Bei “Just like Henry Darger” wird mit einer kleinen Sound-Design Einlage am Anfang dann mit Gitarren und fortgeführten Percussions die Geschichte vom Schirfsteller und Maler Henry Darger erzählt. Auch wenn hier noch letzte Spuren von David Bowie hörbar sind, gleitet das ganze wieder mehr zurück in die Richtung von Ennio Morricone und Nino Rota, bis es sich dann langsam steigert und im zweiten Drittel zu einem Bruch kommt, um wieder orchesterartig und einer kurz eingespielten Monolog-Einlage mit komplett anderem Arrangement das Lied zu Ende zu bringen. Ähnlich verhält es sich bei “Dear Wendy”, das recht harmlos mit einigen Synths beginnt und ab der Hälfte plötzlich etwas an Louis de Funès, seine außerirdischen Kohlköpfe und Raymond Lefèvre’s Soundtrack dazu erinnert. “Courage, Tiger” behält die Synths fast nahtlos bei, liefert aber durch Konstantin Groppers Gesang und einer breiteren Ansammlung an Instrumenten dann wieder etwas mehr Energie.
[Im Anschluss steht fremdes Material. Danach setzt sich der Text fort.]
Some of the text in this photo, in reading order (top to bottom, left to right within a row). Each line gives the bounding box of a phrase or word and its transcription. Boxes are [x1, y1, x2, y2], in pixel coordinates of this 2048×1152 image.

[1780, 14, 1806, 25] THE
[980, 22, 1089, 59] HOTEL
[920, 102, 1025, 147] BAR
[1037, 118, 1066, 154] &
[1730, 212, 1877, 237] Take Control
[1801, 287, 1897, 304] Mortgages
“The World’s Worst Shrink” bildet mit schlicht gehaltener Gitarre in Singer-Songwriter Manier vor dem großen Finale “You Cannot Cast Out The Demons (You Might As Well Dance)” den Abschluss des Albums. Im letzten Lied werden dann noch einmal alle Register gezogen und die Werke von Komponisten längst vergangener Filmmusik mit modernen Elementen vermischt. Aktuelle Musik ist hier stärker spürbar als bereits zuvor bei “Roland, I Feel You”. Mit einem erneuten Bruch, der am Ende dann noch ein letztes Mal Stimmungen aus den 20er und 30er Jahren aufwirft, verabschiedet sich “The Scarlet Beast O’ Seven Heads – La Bestia Scarlatta Con Sette Teste”.
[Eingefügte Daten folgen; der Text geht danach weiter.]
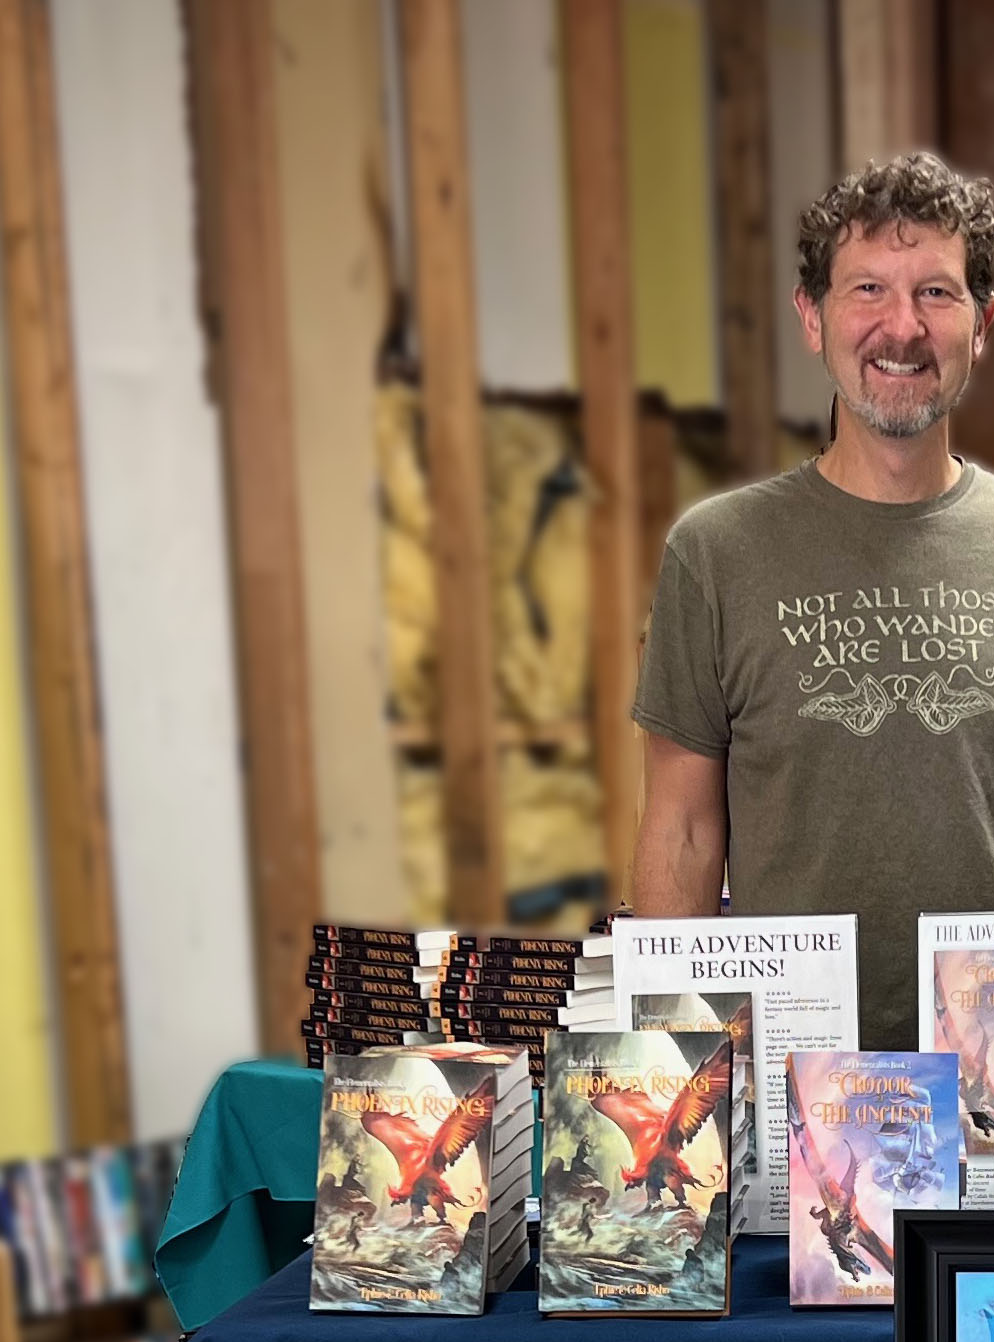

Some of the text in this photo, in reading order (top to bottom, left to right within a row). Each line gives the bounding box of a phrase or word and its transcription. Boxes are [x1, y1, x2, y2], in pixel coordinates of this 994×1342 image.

[778, 592, 842, 620] NOT
[853, 588, 911, 611] ALL
[813, 638, 986, 668] ARE LOST
[633, 933, 842, 956] THE ADVENTURE
[935, 925, 963, 942] THE
[691, 959, 785, 979] BEGINS!
[566, 1067, 711, 1100] PHOENIX RISING
[331, 1086, 487, 1119] PHOENIX RISING
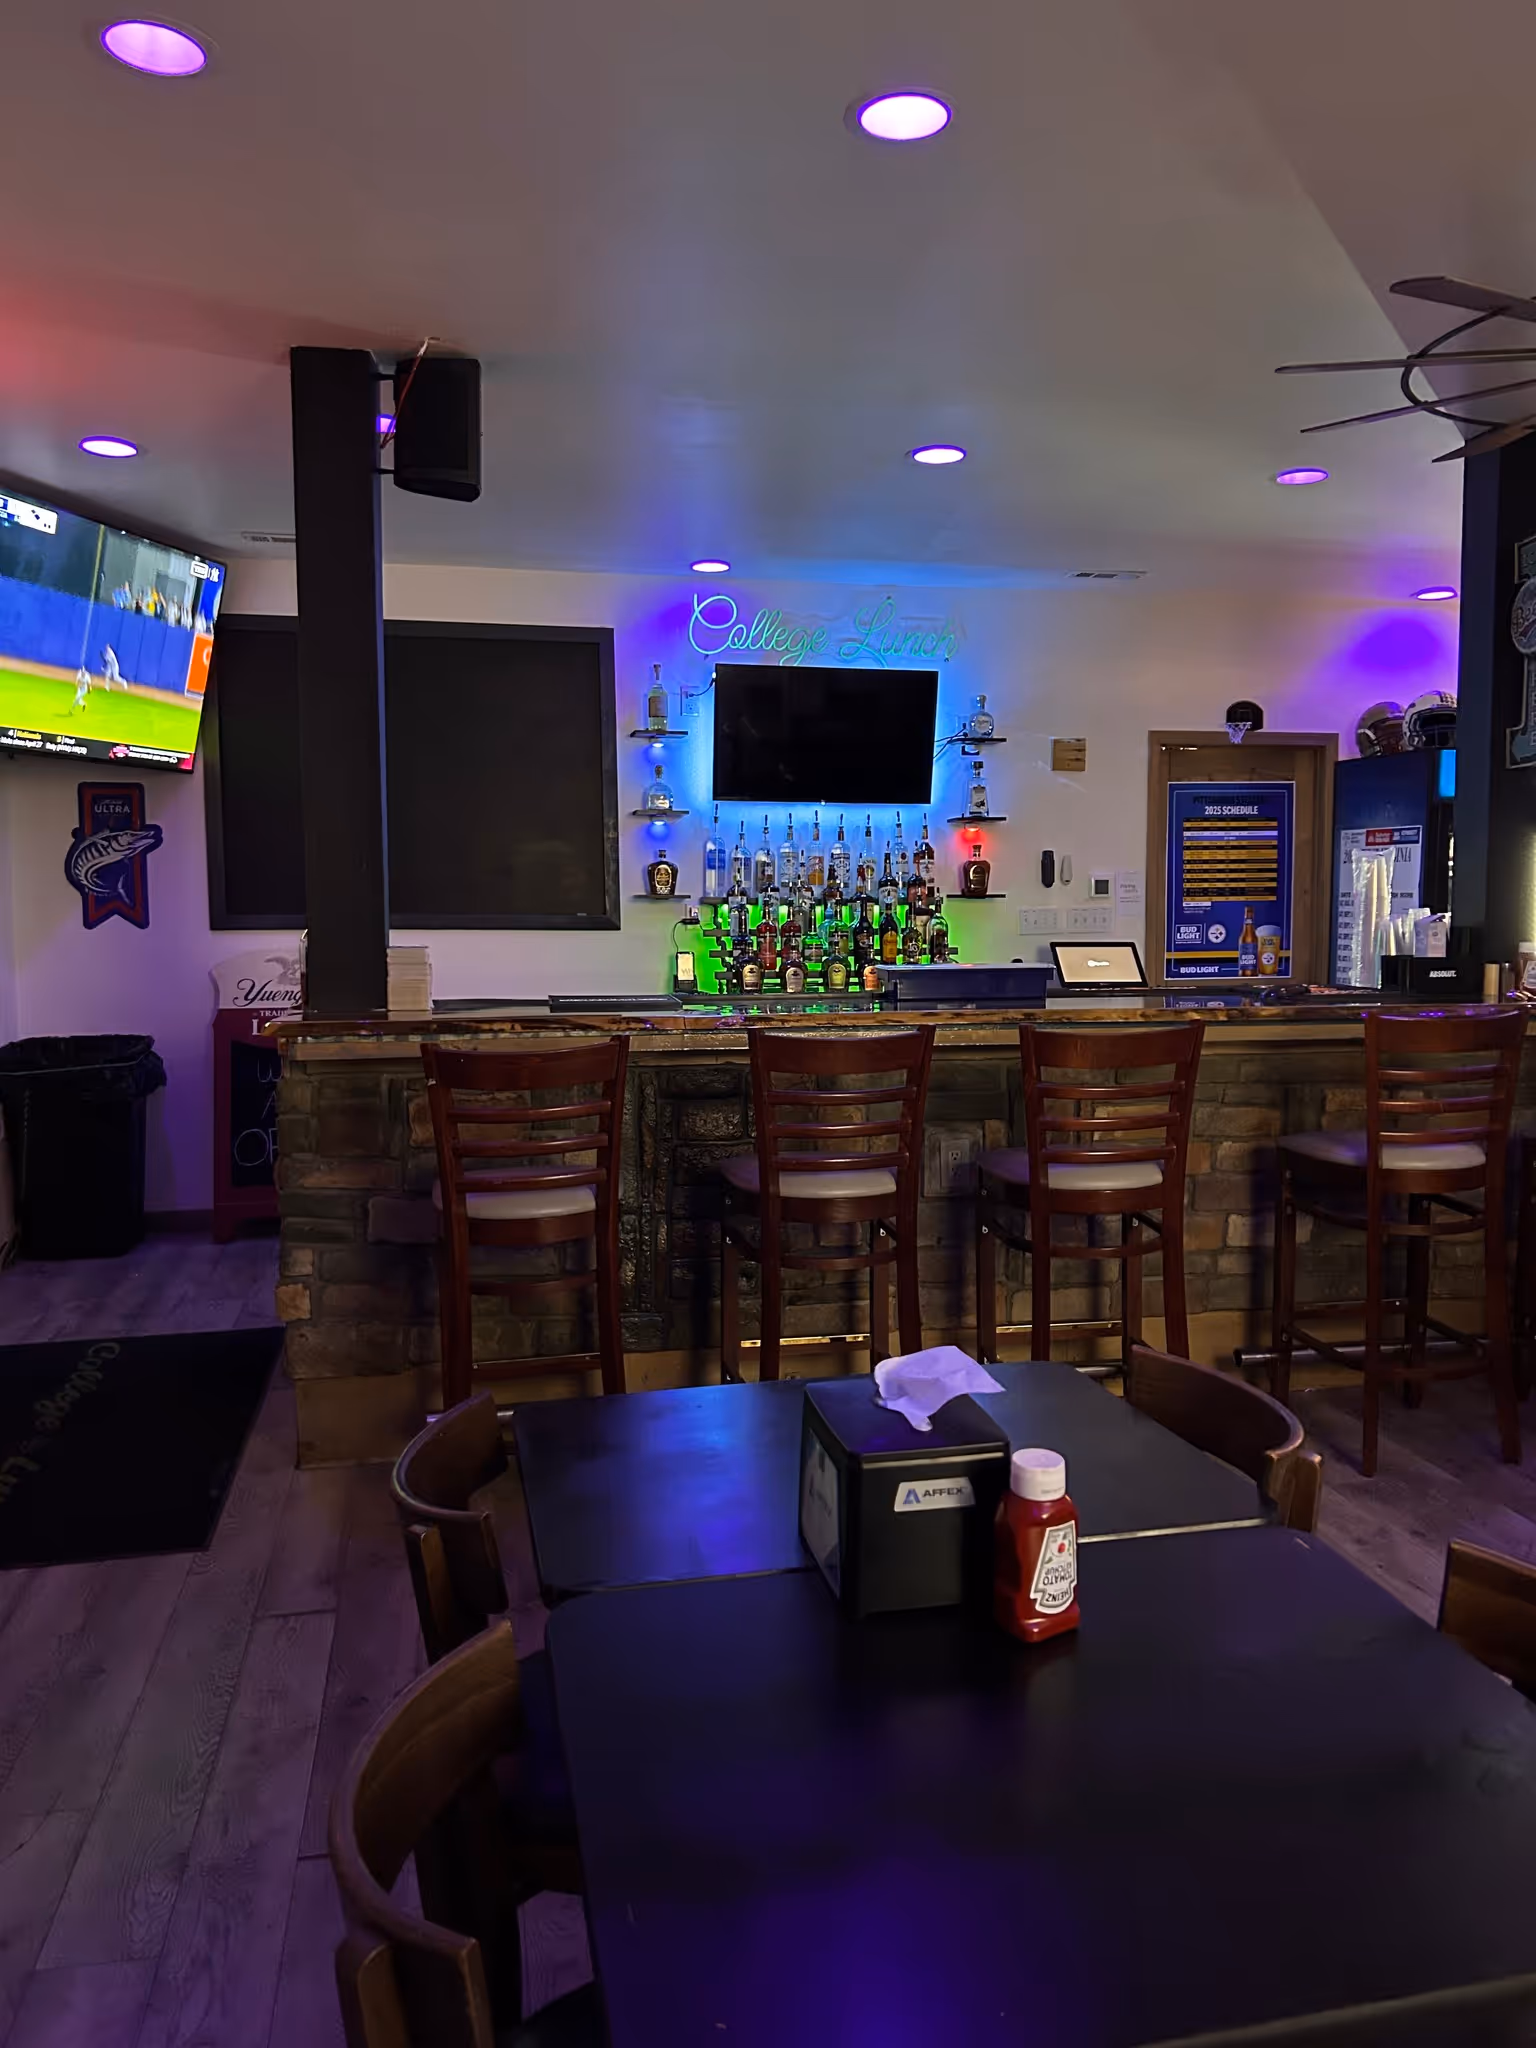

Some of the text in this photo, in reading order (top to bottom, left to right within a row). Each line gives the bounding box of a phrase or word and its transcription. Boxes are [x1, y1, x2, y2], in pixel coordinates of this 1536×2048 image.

[689, 594, 958, 668] College Lunch
[95, 804, 130, 813] ULTRA
[1205, 806, 1258, 814] 2025 SCHEDULE
[233, 978, 303, 1007] Yueng
[922, 1486, 965, 1498] AFFEX
[1045, 1587, 1069, 1602] HEINZ
Alles in allem ist es ein vielseitiges und komplexes Album, das es sogar benötigt, danach gleich ein weiteres mal gehört zu werden, weil die geballte Ansammlung, die in 13 Liedern verpackt ist, doch etwas viel ist, um alles davon im Kopf zu behalten. Die erhoffte Stimmung erzielt Konstantin Gropper mit diesem Konzeptalbum jedoch auf jeden Fall. Es ist allerdings vielleicht weniger wichtig, diverse Andeutungen und Zitate zu verstehen, als vielmehr mit der Musik mitzufühlen. Wenn er es auch mit viel Kopf gebastelt hat, so ist es beim Zuhörer eher der Bauch, der neben den Ohren aktiviert wird.